Accounting for Historical Solar Energy

To unfold our investigation into solar value, we propose to look at Emergy (with an M), an accounting method proposed by American ecologist H. T. Odum in the 1970s to analyze energy flows in ecosystems. In the Emergy model, the Earth system, biosphere, and all human activity on the planet from the most rudimentary to the most industrialized are examined as transformations of solar energy flows. Emergy provides a unit: “solar-equivalent joules”, which allows us to model an energetic economy of the Earth related to solar income (for instance, 1 joule of plant matter is the product of 40,000 solar-equivalent joules). This systemic approach can be applied to concrete examples, such as the food chain or the economic flow of a country. It models the interconnectedness of ecological and economic cycles, much like a circuit diagram. Emergy promises detailed and comprehensive modeling of goods and services as tree structures, where all anterior solar energy consumed is factored in. Though it helps to radically rethink fundamental questions in economics, such as how to adequately value a commodity[10]. While the Emergy method is not intended for exact quantitative analysis, it provides a unique insight into the magnitudes of solar energy embedded in vital processes across the economy.

Beware of Zombie Sustainability!

We need to recognize the limits of renewable energy, as the mathematician-economist Nicholas Georgescu-Roegen has pointed out: “Future generations will still be able to access their inalienable share of solar energy. However accessible material low entropy is by far the most critical element from the bioeconomic viewpoint, […] a piece of coal burned by our forefathers is gone forever, just as is part of the silver or iron mined by them”[11]. Today, any circulation of energy in industrialized human society requires the use of non-renewable minerals. Even renewable energy infrastructures rely intensively on non-renewable mineral resources, raising critical justice concerns about the intergenerational allocation of finite resources. For the physicist José Haloy, technologies characterized by non-renewables, planned obsolescence, and fossil fuel use are “zombie technologies” that, as waste, continue to affect the biosphere after they are “dead,” destined to haunt humanity for ages.

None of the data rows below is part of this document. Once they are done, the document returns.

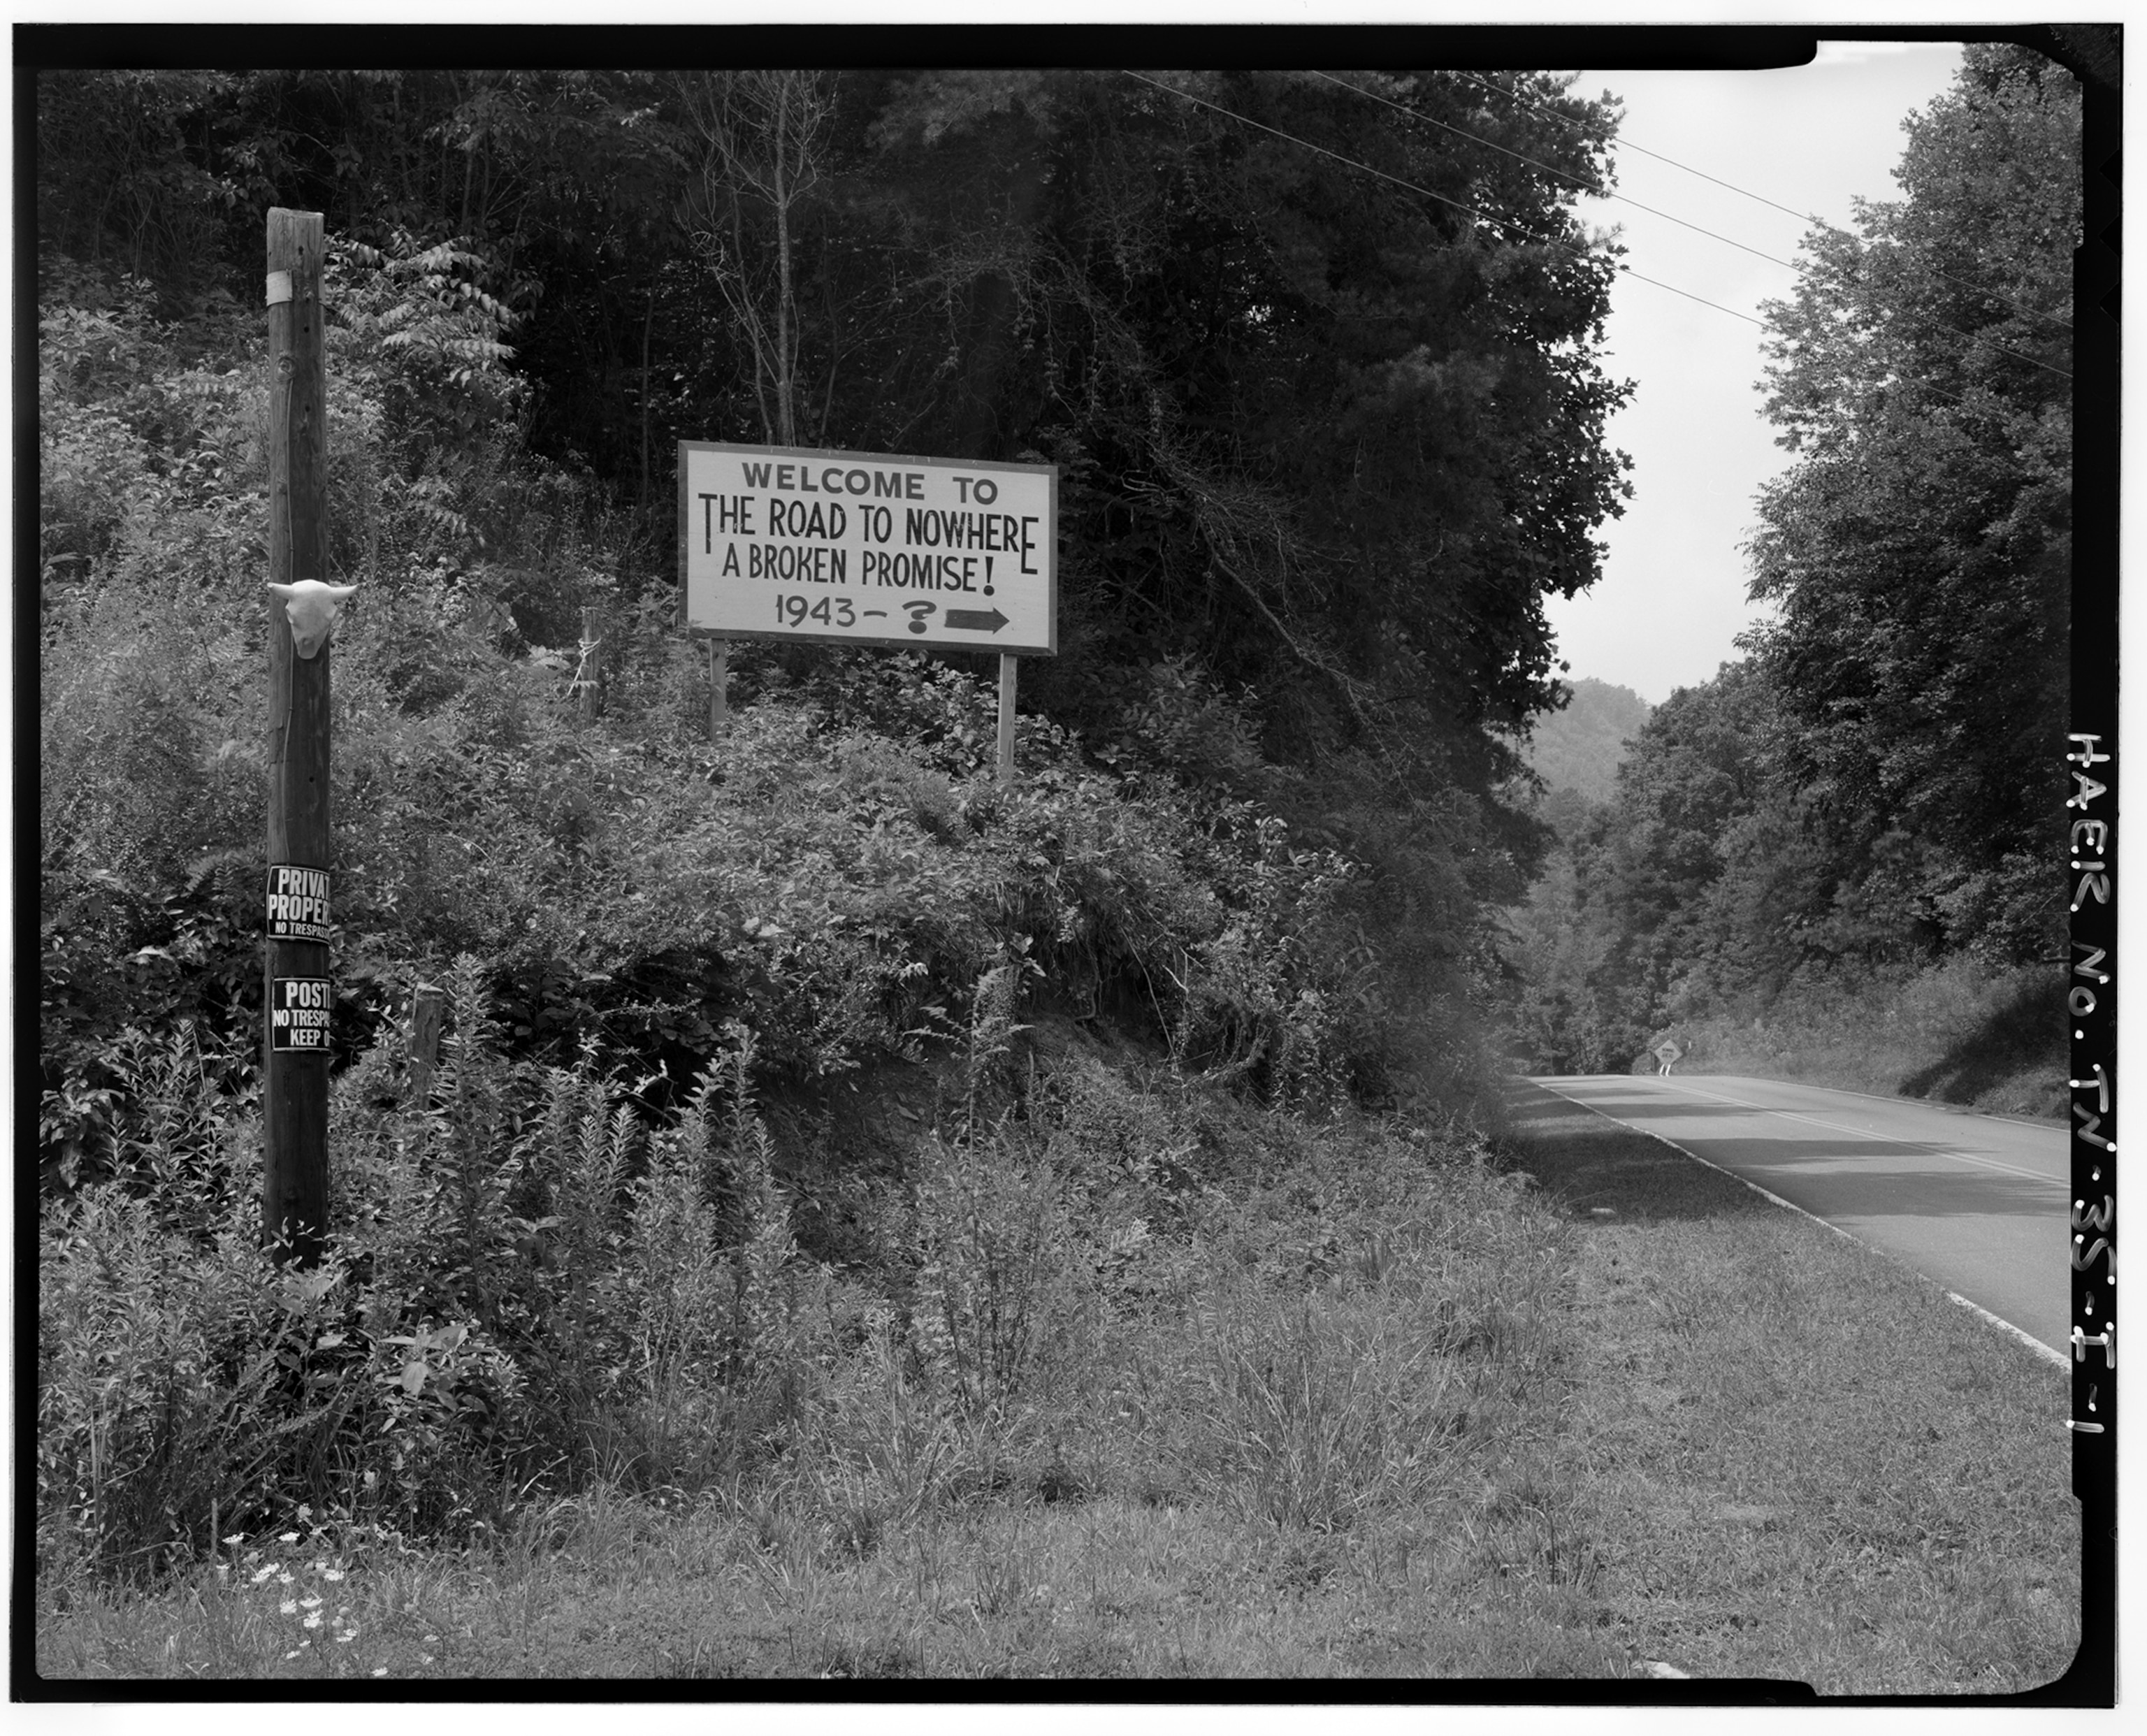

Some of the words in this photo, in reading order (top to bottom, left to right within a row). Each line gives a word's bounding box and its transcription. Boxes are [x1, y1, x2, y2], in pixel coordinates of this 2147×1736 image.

[742, 462, 925, 500] WELCOME
[953, 476, 999, 505] TO
[698, 493, 756, 554] THE
[769, 498, 846, 540] ROAD
[858, 504, 892, 544] TO
[906, 507, 1039, 575] NOWHERE
[722, 542, 741, 578] A
[749, 543, 846, 584] BROKEN
[862, 550, 995, 597] PROMISE!
[277, 868, 330, 900] PRIVAT
[268, 894, 328, 926] PROPER
[275, 921, 287, 934] NO
[273, 1009, 290, 1027] NO
[290, 1028, 321, 1046] KEEP

Planetary Photosynthesis as an Indicator of Renewable Flows

Since 2000, ground data and satellite imagery of photosynthetic processes monitored on a planetary scale are increasingly confirming earlier theories of solar value flows. Recent instruments developed for planetary observation[12] provide data that inform our understanding of the links between solar energy, autotrophic biomass — microalgae, algae, plants — and global human needs. This data provides estimates of the quantity of stored energy generated by photosynthesis, which is critical for sustaining human activity on the planet. NASA’s annual Net Primary Production (NPP) figures illustrate and estimate the primary work of the Earth’s ecosystem, which continually captures solar energy via photosynthesis and physically stores it in living matter, sustaining flows in the rest of the living organisms. NPPs can now be used to test and challenge the hypotheses of the last century linking sustainability and biomass energy. The annual NPP is estimated to be 104.9 petagrams of carbon per year[13]. We propose to provisionally consider this as “solar income”, a reference for the primary matter-energy budget renewed via photosynthesis each year in the Earth system. This hypothesis enables us to construct realistic “strong sustainability” scenarios that recognize the maximum biomass energy available to all living beings.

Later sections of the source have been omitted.